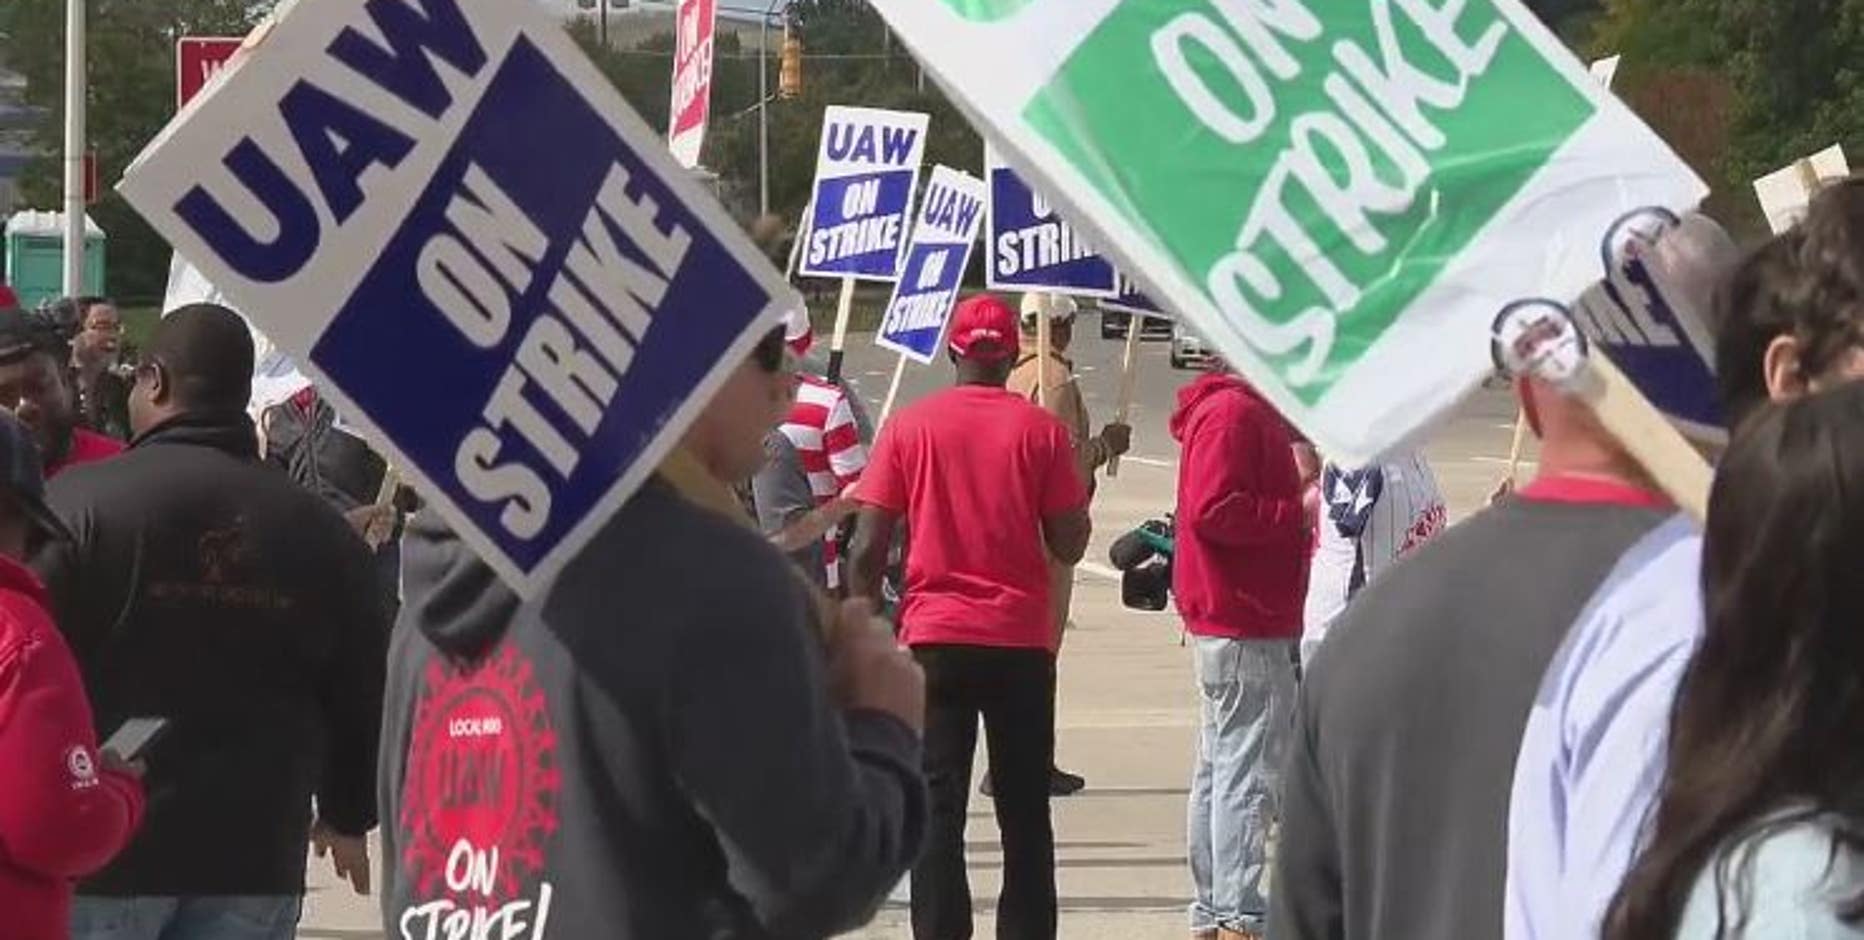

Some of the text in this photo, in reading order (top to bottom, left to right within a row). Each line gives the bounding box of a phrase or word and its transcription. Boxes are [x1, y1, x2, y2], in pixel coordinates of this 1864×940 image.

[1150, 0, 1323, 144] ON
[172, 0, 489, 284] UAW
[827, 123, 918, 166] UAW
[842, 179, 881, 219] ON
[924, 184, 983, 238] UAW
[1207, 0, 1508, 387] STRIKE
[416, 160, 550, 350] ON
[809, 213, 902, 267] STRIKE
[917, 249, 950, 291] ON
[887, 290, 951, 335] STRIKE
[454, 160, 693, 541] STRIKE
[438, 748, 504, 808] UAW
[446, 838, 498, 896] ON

★ ★ ★ ★

Aim of the task. Could every line above be set down exactly, with the pictures omitted?

Answer for the task.
Some of the text in this photo, in reading order (top to bottom, left to right within a row). Each line gives the bounding box of a phrase or word and its transcription. Boxes are [x1, y1, x2, y2], in pixel coordinates of this 1864×940 image.

[1150, 0, 1323, 144] ON
[172, 0, 489, 284] UAW
[827, 123, 918, 166] UAW
[842, 179, 881, 219] ON
[924, 184, 983, 238] UAW
[1207, 0, 1508, 387] STRIKE
[416, 160, 550, 350] ON
[809, 213, 902, 267] STRIKE
[917, 249, 950, 291] ON
[887, 290, 951, 335] STRIKE
[454, 160, 693, 541] STRIKE
[438, 748, 504, 808] UAW
[446, 838, 498, 896] ON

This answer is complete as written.